De diepe randen van de tumor lijken breed en stomp, in plaats van infiltratief.
In het verleden is de tumor verward met “agressief” plaveiselcelcarcinoom. De typische niet-invasieve, verheven kopvorm met een grote centrale keratinekern, zoals gezien onder laag-vermogen lichtmicroscopie, samen met de goedaardige cytologie en de brede en stompe diepe randen gezien onder hoog-vermogen lichtmicroscopie, zou zonder moeite moeten leiden tot de juiste diagnose van keratoacanthoom. Indien echter slechts een klein stukje weefsel (b.v. een gedeeltelijke biopsie) beschikbaar is voor histopathologisch onderzoek, kan het moeilijk of onmogelijk zijn om een keratoacanthoom te onderscheiden van plaveiselcelcarcinoom, en inderdaad, sommige keratoacanthomen vertonen gebieden van onbetwiste plaveiselcelcarcinoom differentiatie. De oppervlakkig invasieve variant van keratoacanthoom, invasief keratoacanthoom genoemd, involueert niet spontaan en is waarschijnlijk een vorm van plaveiselcelcarcinoom.
IV.
Warty dyskeratoom
A.
Het presenteert zich voornamelijk op de hoofdhuid, het gezicht of de hals als een umbilicated, keratotic papule, lijkend op een keratoacanthoom.
B.
Histologisch gezien is een komvormige invaginatie gevuld met keratine en acantholytische, dyskeratotische cellen.

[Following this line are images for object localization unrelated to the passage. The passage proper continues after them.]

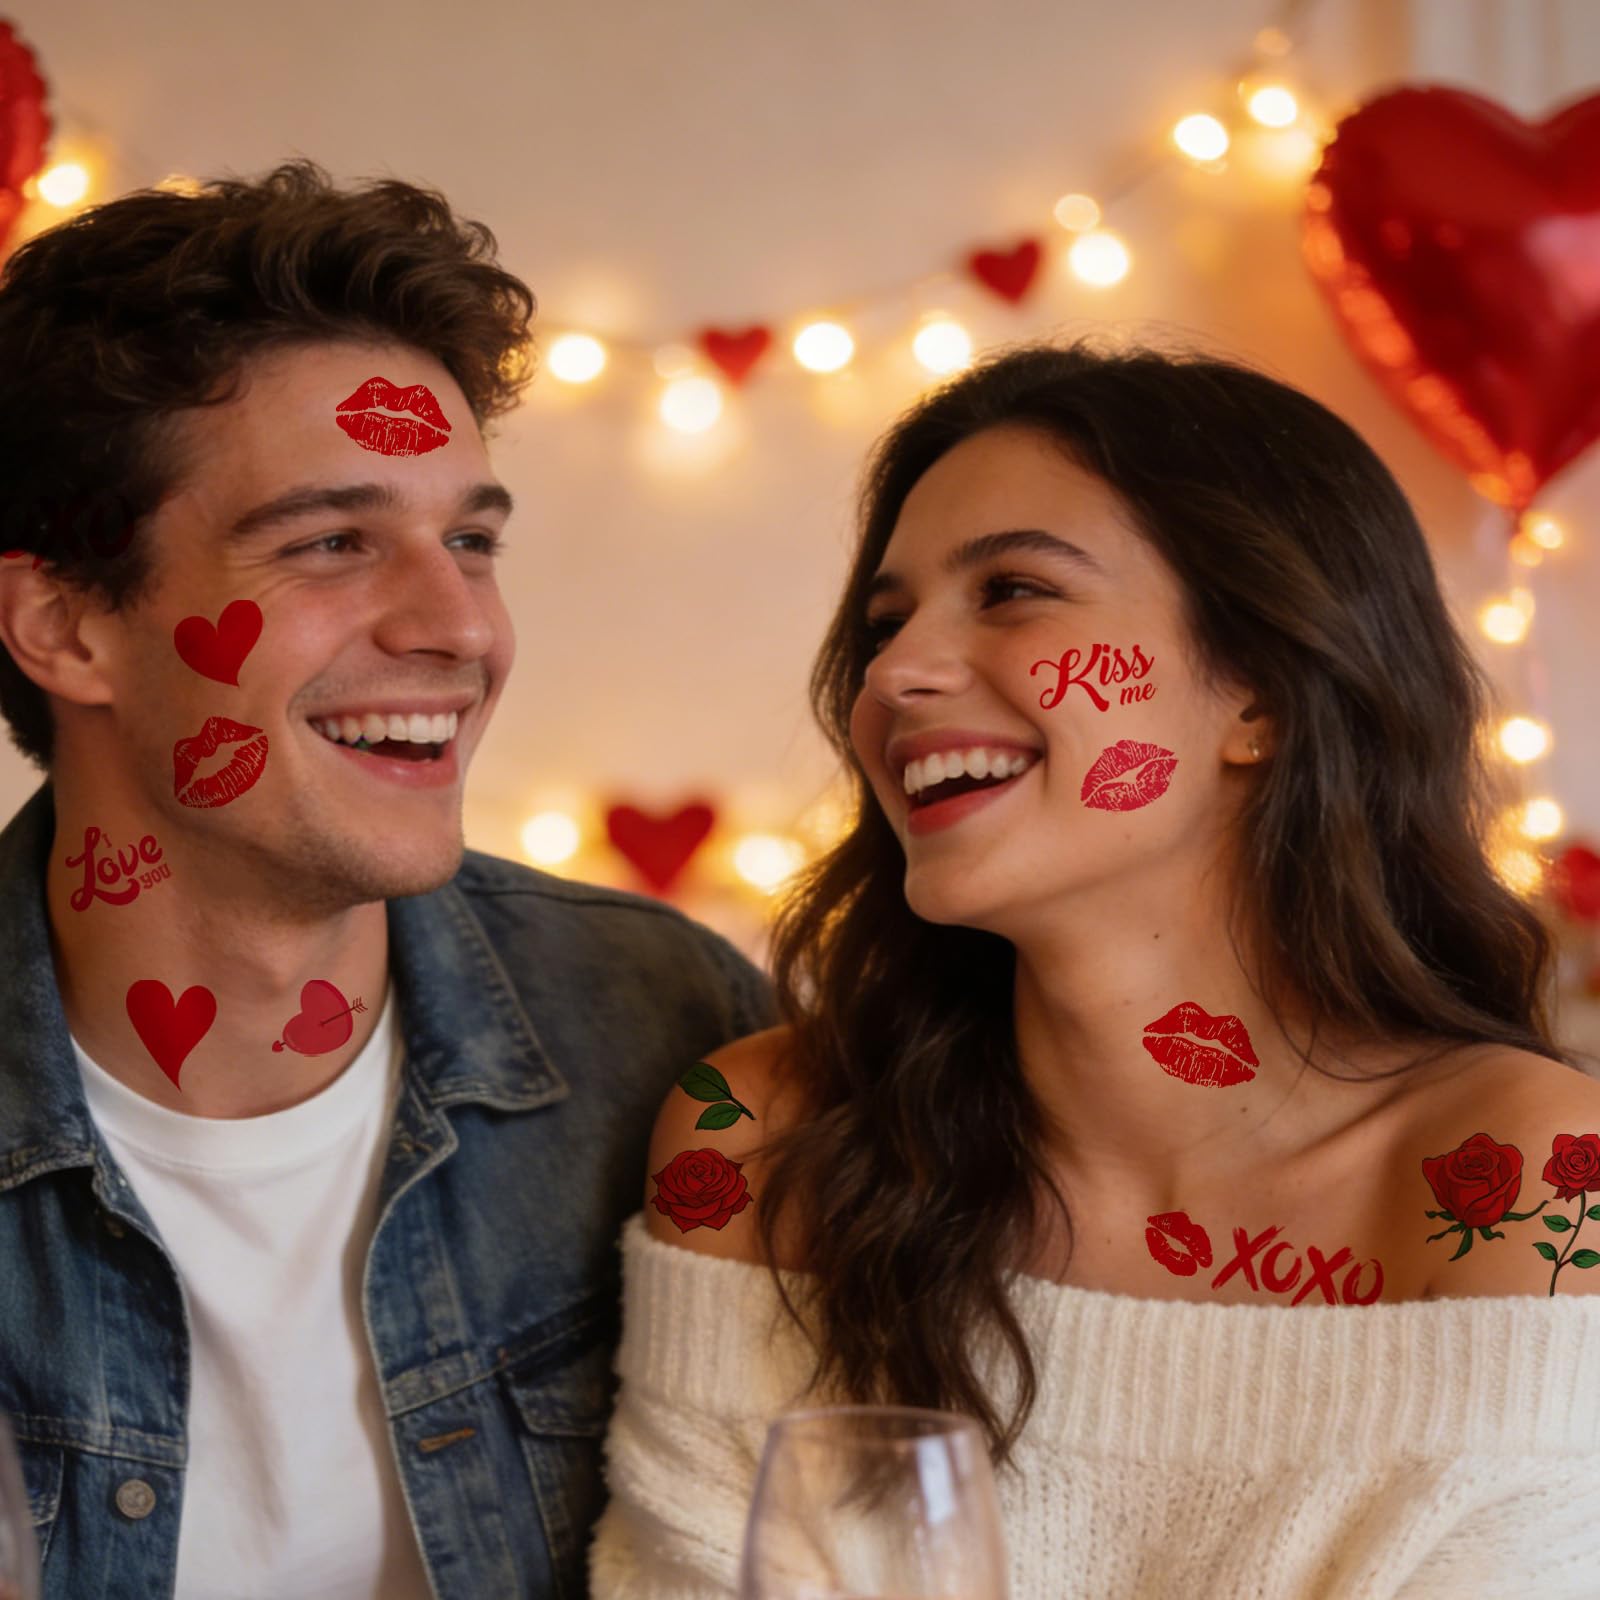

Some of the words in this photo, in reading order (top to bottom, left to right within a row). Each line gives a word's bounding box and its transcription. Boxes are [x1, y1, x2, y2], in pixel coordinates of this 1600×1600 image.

[1030, 643, 1155, 712] Kiss
[1119, 682, 1157, 706] me
[65, 826, 163, 913] Love
[1211, 1225, 1385, 1307] XOXO
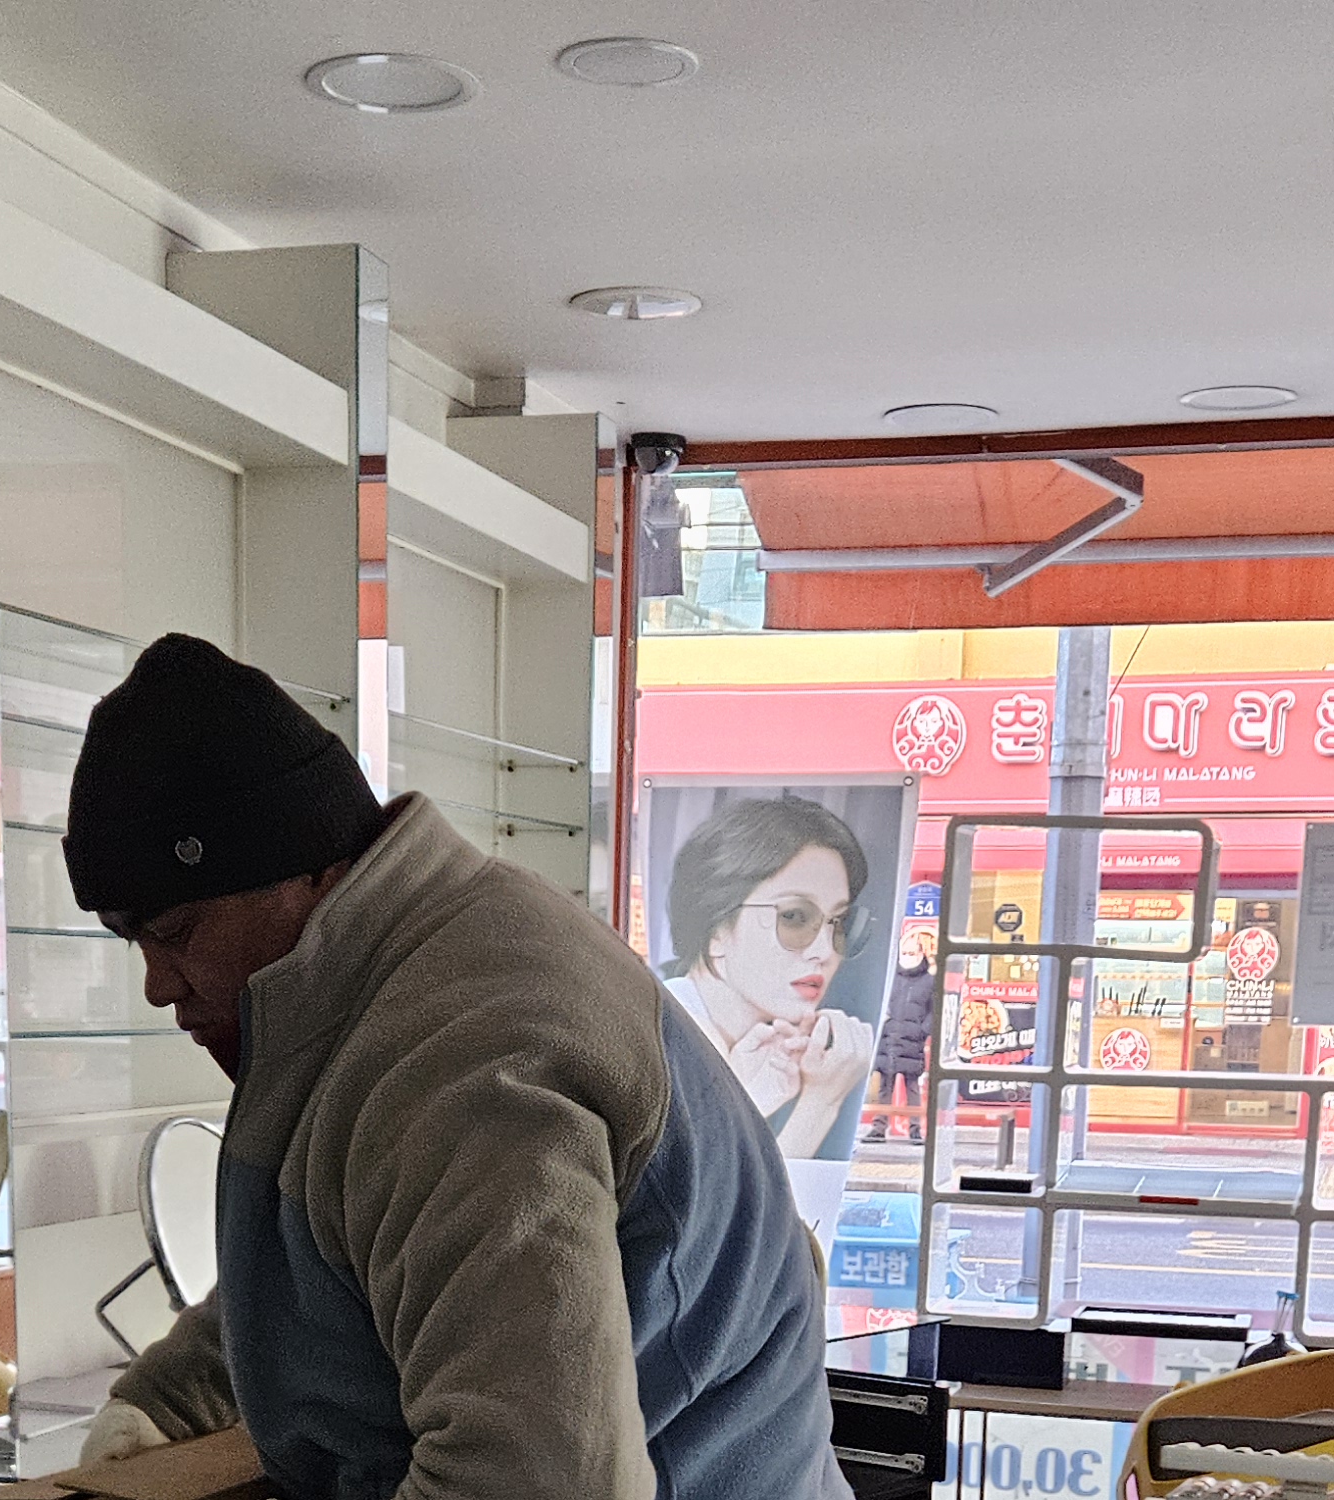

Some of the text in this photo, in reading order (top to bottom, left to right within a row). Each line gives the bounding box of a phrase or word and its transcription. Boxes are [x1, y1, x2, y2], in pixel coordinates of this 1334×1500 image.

[1163, 766, 1256, 781] MALATANG
[1116, 855, 1181, 867] MALATANG
[914, 901, 934, 915] 54
[1008, 986, 1037, 997] MALA
[840, 1247, 910, 1285] 보관함
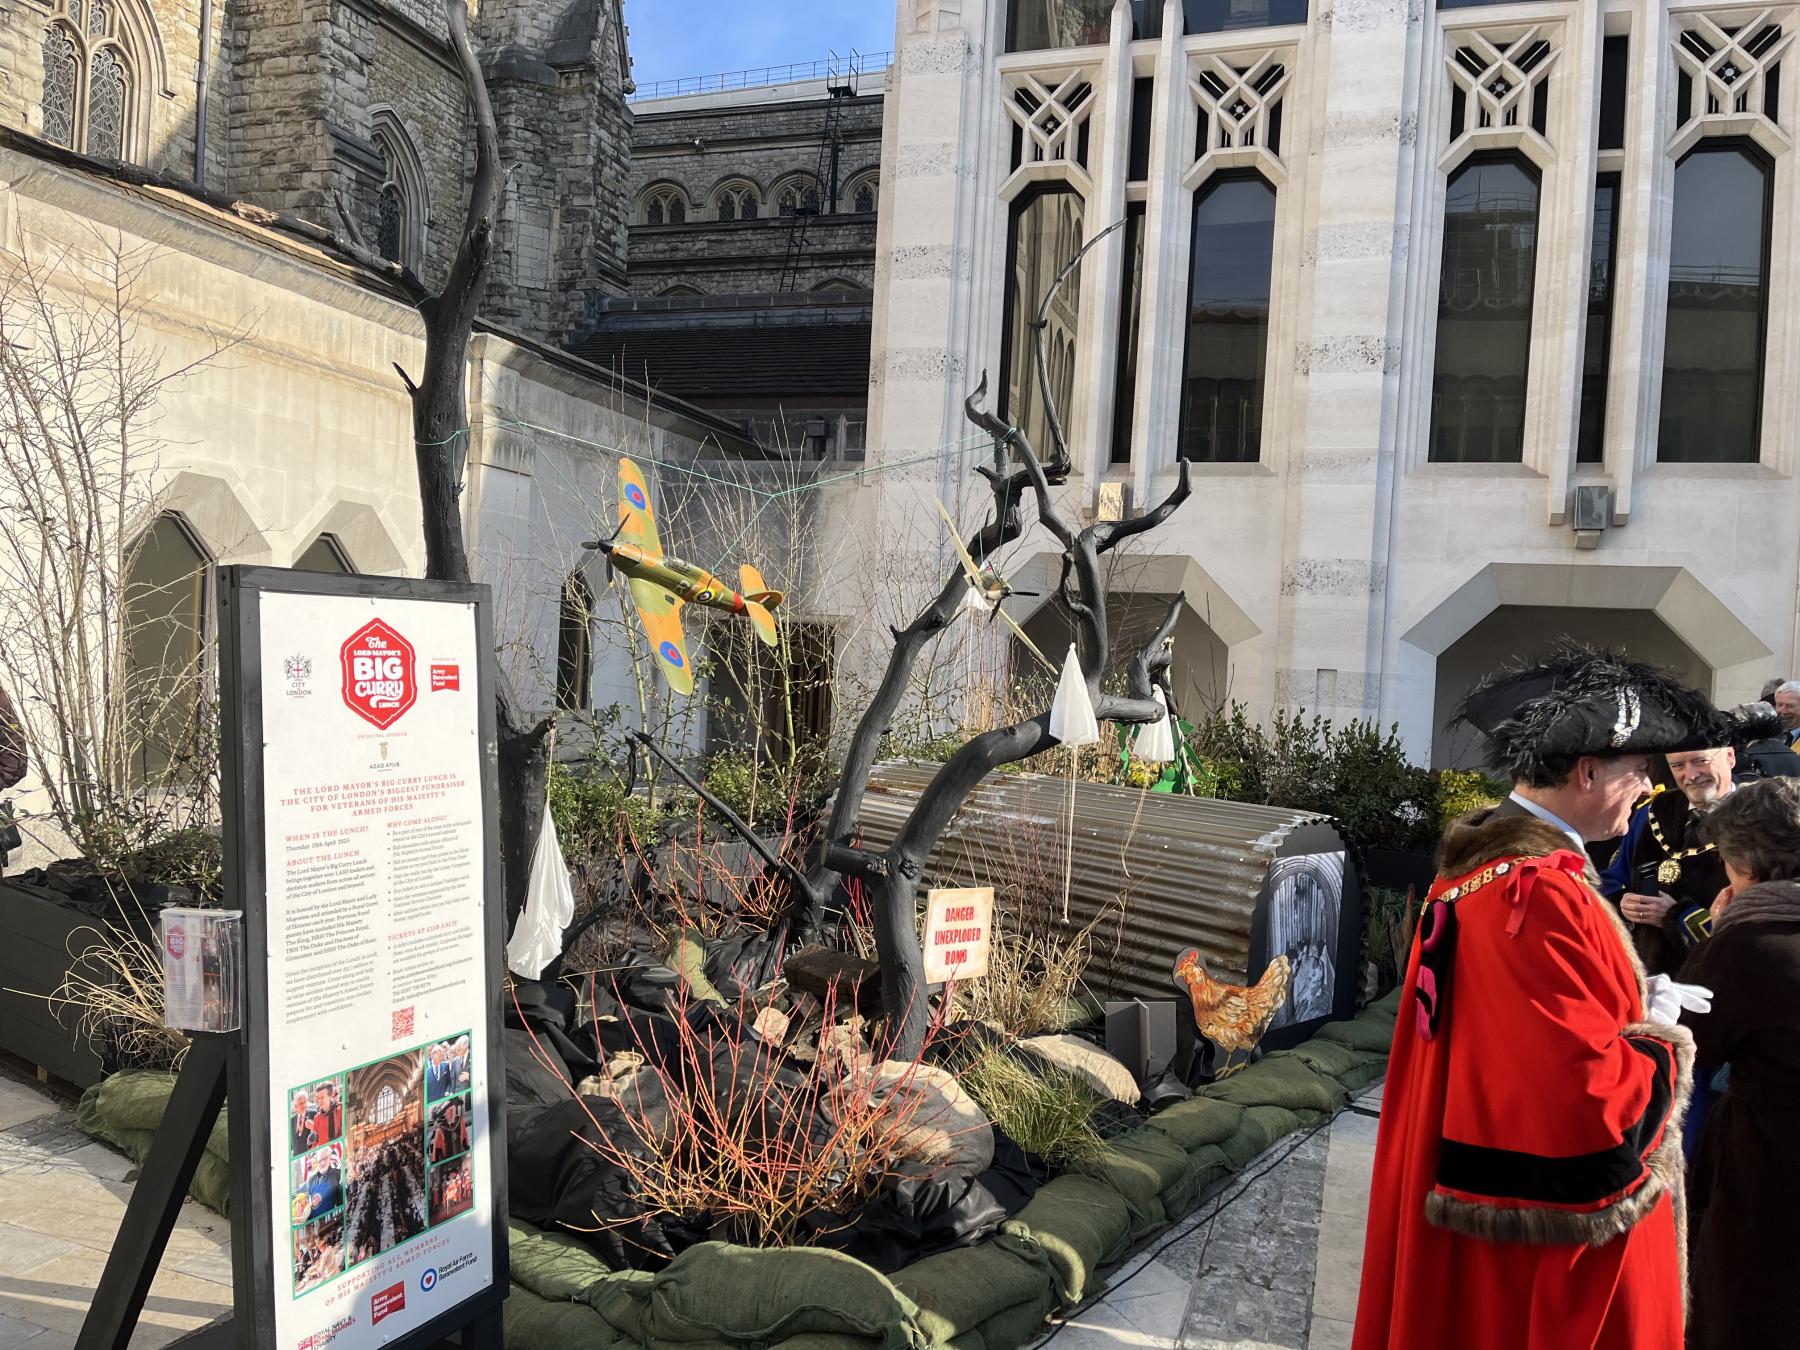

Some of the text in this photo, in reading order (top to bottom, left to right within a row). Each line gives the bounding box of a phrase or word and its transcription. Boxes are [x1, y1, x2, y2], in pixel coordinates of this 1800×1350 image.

Villi van dermale papillen, bekleed met een enkele laag basale cellen, steken uit in de basis van de krater.
Corps ronds (d.w.z., dyskeratotische cellen met pyknotische kernen, omgeven door een duidelijke halo, aanwezig in de granulaire laag aan de ingang van de invaginatie) doen denken aan de ziekte van Darier.
V.
Large cell acanthoma
A.
Large cell acanthoma verschijnt als een licht keratotische, solitaire laesie, gewoonlijk kleiner dan 1 cm, en heeft een voorkeur voor het gelaat en de hals, gevolgd door de bovenste extremiteiten.
B.
Histologisch gezien is het een goedaardige epidermale laesie met een matig acanthotische epidermis die scherp begrensde, uniform gehyperplaste keratinocyten bevat, een golvende, orthokeratotische en parakeratotische granulaire cellaag, en soms een papillomatose.
Dysplastische vergrote keratinocyten en een verhoogd aantal Civatte-bodies (necrotische keratinocyten) kunnen worden aangetroffen.
VI.
Benigne keratose bestaat uit een goedaardige woekering van epidermale cellen, meestal acanthotisch van vorm, die niet in een bekende classificatie past.